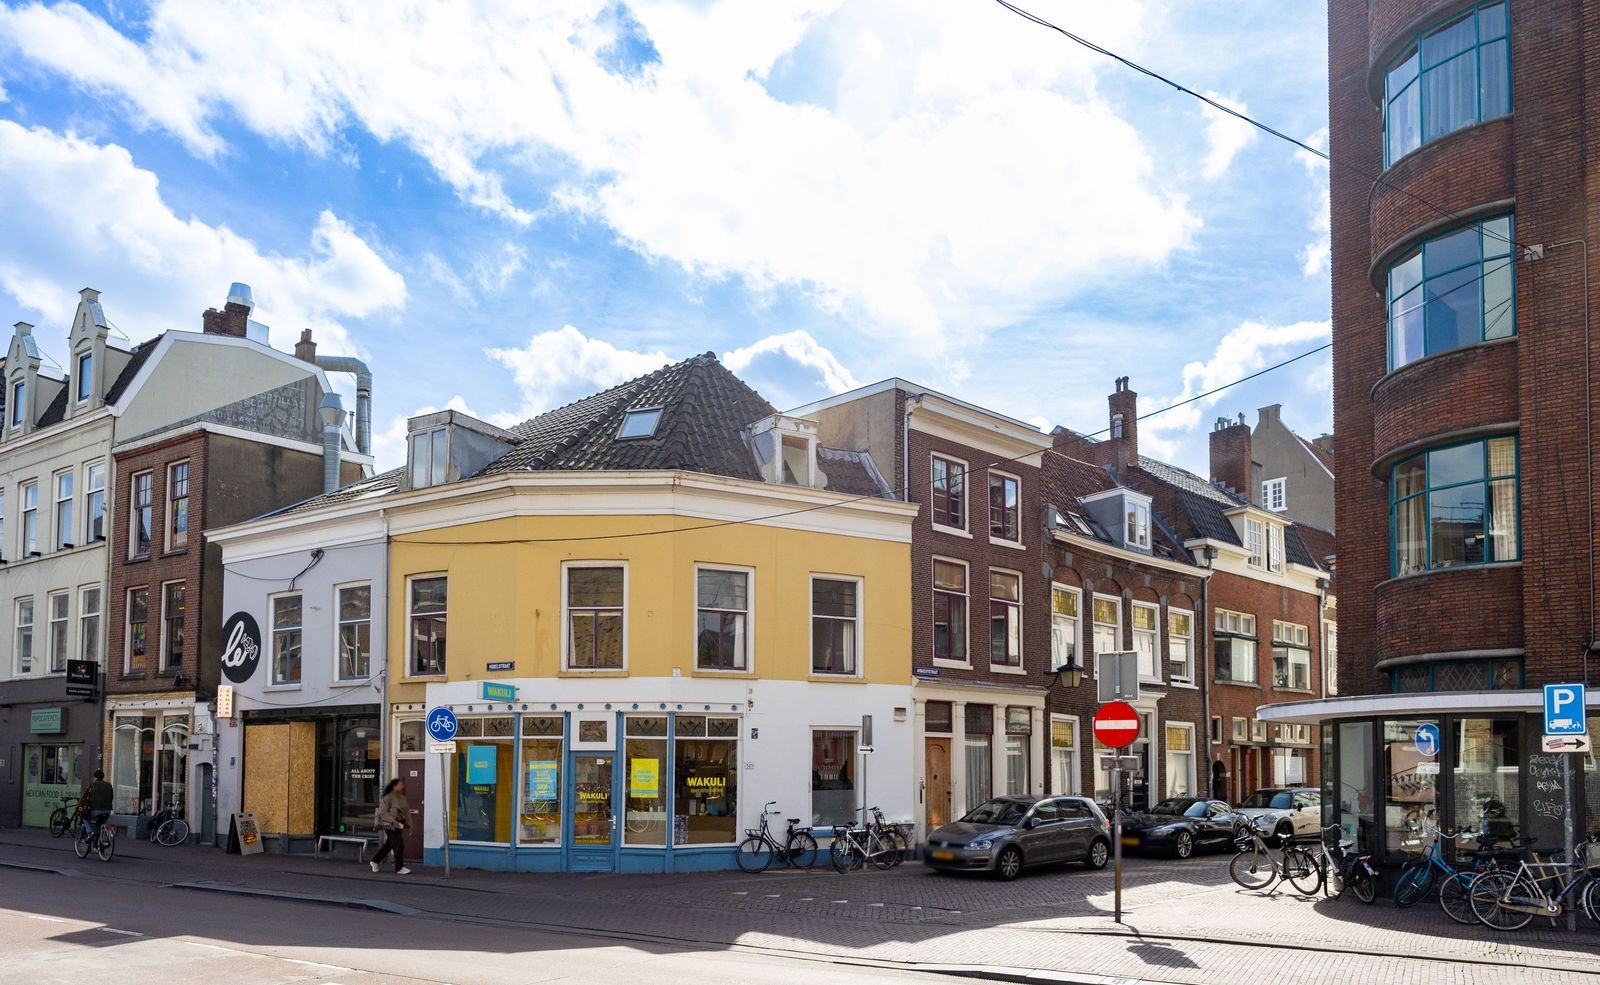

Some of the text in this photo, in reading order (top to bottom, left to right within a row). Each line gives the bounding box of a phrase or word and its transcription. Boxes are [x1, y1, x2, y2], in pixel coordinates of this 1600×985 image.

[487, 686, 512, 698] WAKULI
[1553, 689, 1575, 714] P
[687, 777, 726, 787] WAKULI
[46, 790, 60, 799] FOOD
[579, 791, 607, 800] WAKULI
= = = = =
* **Exercise brief**
Leave out the images and write out the listing above exactly.

* **Final answer**
Some of the text in this photo, in reading order (top to bottom, left to right within a row). Each line gives the bounding box of a phrase or word and its transcription. Boxes are [x1, y1, x2, y2], in pixel coordinates of this 1600×985 image.

[487, 686, 512, 698] WAKULI
[1553, 689, 1575, 714] P
[687, 777, 726, 787] WAKULI
[46, 790, 60, 799] FOOD
[579, 791, 607, 800] WAKULI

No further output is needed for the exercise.